Once, the number of Parviis in the galaxy was far beyond our capability to measure. Now the Eye of the Swarm is in a desperate situation, fleeing with what little he has left. This is not a time for us to gloat. It is a time to be wary. Like a cornered animal, he may be at his most dangerous.

—Tulyan report to the Council of Elders

After all the eons of Parvii glory, the successes that went back farther than anyone could remember, Woldn couldn’t understand how things had gone so terribly wrong. Certainly, it was not due to any errors of leadership he had committed. He was far too careful for that, always using the resources of his people—and the podships under their control—prudently.

At the moment, he and his drastically diminished swarm huddled in the darkness of an unknown place. The hole through which they had escaped had not been there previously, or it would have been noticed by his people, who had been constantly checking every square centimeter of the Parvii Fold, making certain it was absolutely safe. They had all been taught from an early age that this was their sacred nest in a dangerous galaxy, one they had to protect it at all costs. Never before had holes appeared in the fabric of the fold. It seemed an impossibility, because the immense protective pocket was at the farthest end of the known galaxy. They’d always thought that nothing lay beyond the gray-green membrane, that it marked the edge of existence.

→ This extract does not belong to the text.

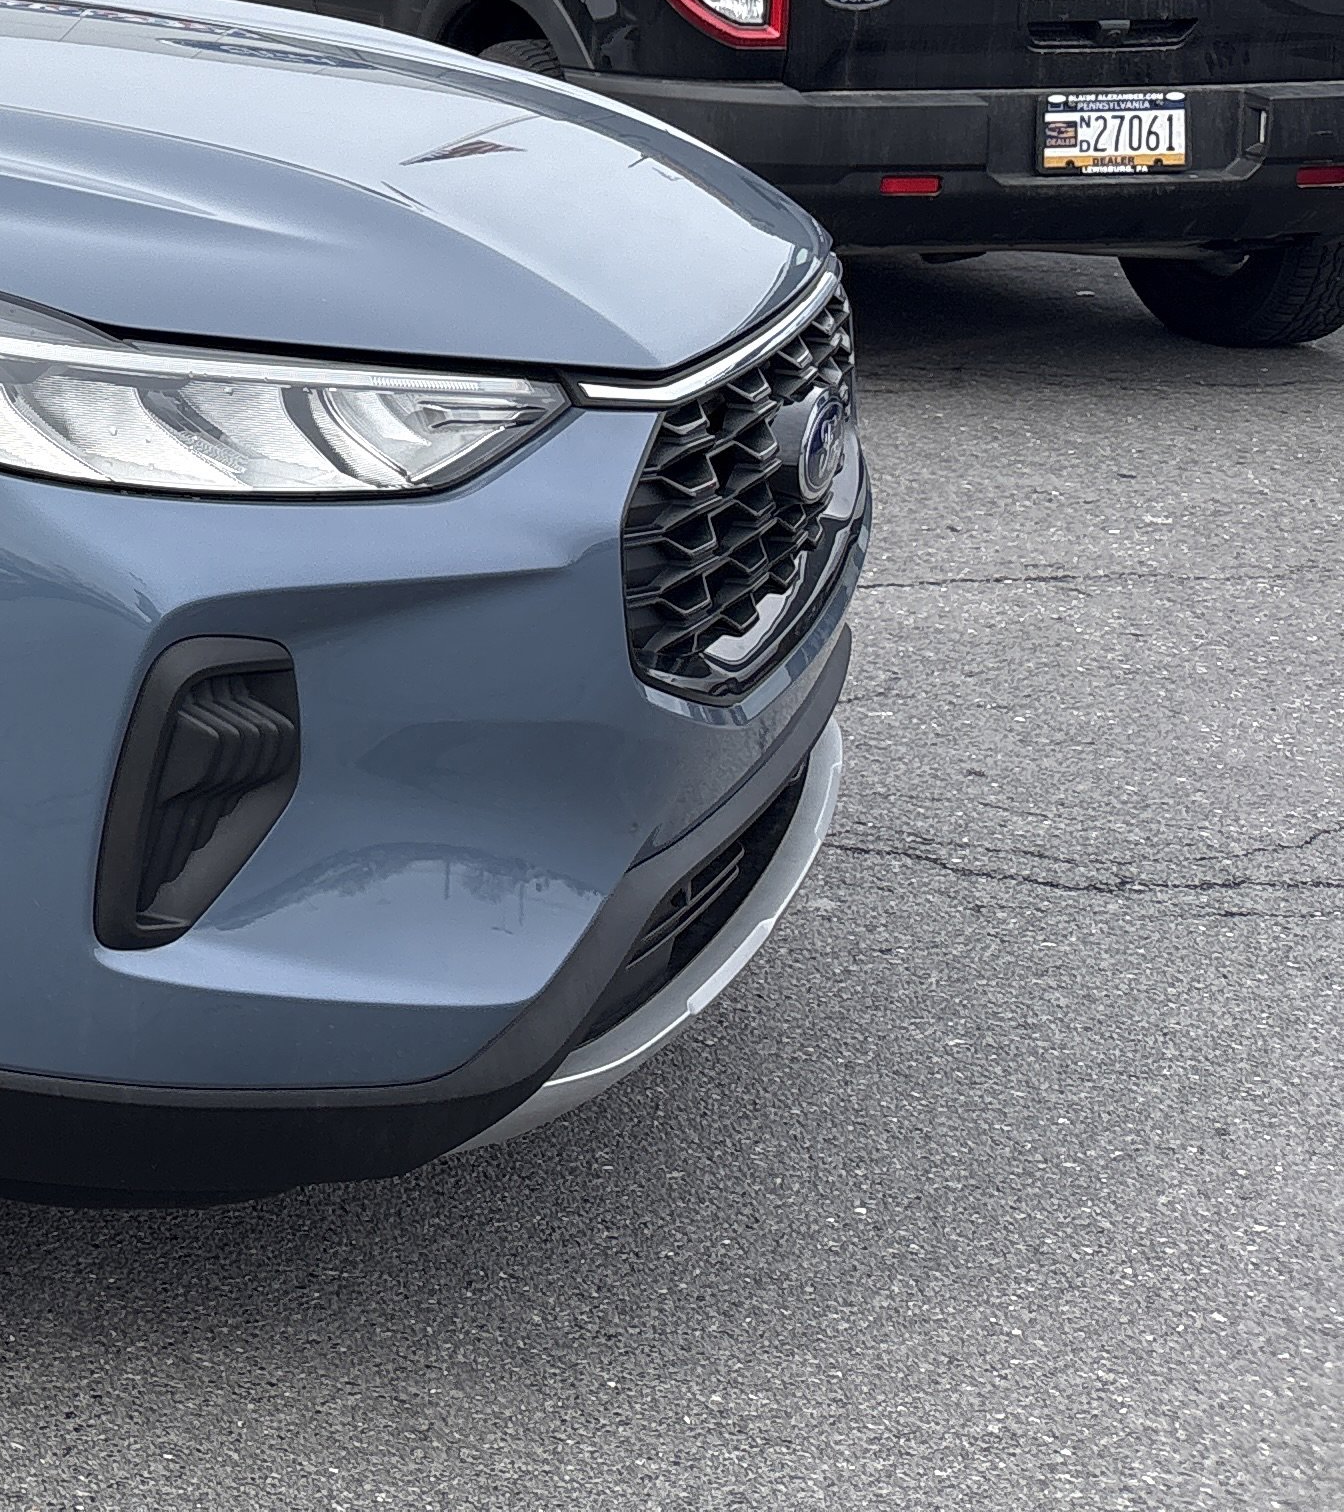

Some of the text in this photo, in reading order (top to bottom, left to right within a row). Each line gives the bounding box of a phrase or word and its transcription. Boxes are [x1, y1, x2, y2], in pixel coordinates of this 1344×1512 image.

[1076, 100, 1151, 111] PENNSYLVANIA
[1093, 114, 1176, 152] 27061
[1091, 156, 1136, 166] DEALER

And yet, he and his remaining followers had gone through. Less than two hundred thousand individuals.

Now Woldn reached telepathically into his morphic field and opened up some of his own thoughts for his followers to read. In the process he felt the Parviis flowing to him and probing him, reading the particular thoughts he had opened up to them. In turn, all of the Parviis made the totality of their own thoughts more easily accessible to the Eye of the Swarm, so that he could read them at will himself. He did so selectively, a few at a time.

Where are we? Woldn wondered. No one seemed to know.

He and his swarm remained close to the tiny hole through which they had come, as if gaining some reassurance from its proximity. At least it gave them their bearings. They were very close to their beloved Parvii Fold, and yet so far from it. The galactic membrane separating them from the fold had not proven to be very thick, but it may as well have been the entire width of the universe. Woldn had stationed alternating sentries at the hole, peering through one at a time to the other side, and they continued to report extensive military activity in the fold.

Will we ever return? Woldn thought, or are we doomed to remain here forever?

One of his followers transmitted weakly: I think we’re in the undergalaxy.

Then another, equally diminished Parvii thought reached him: I agree.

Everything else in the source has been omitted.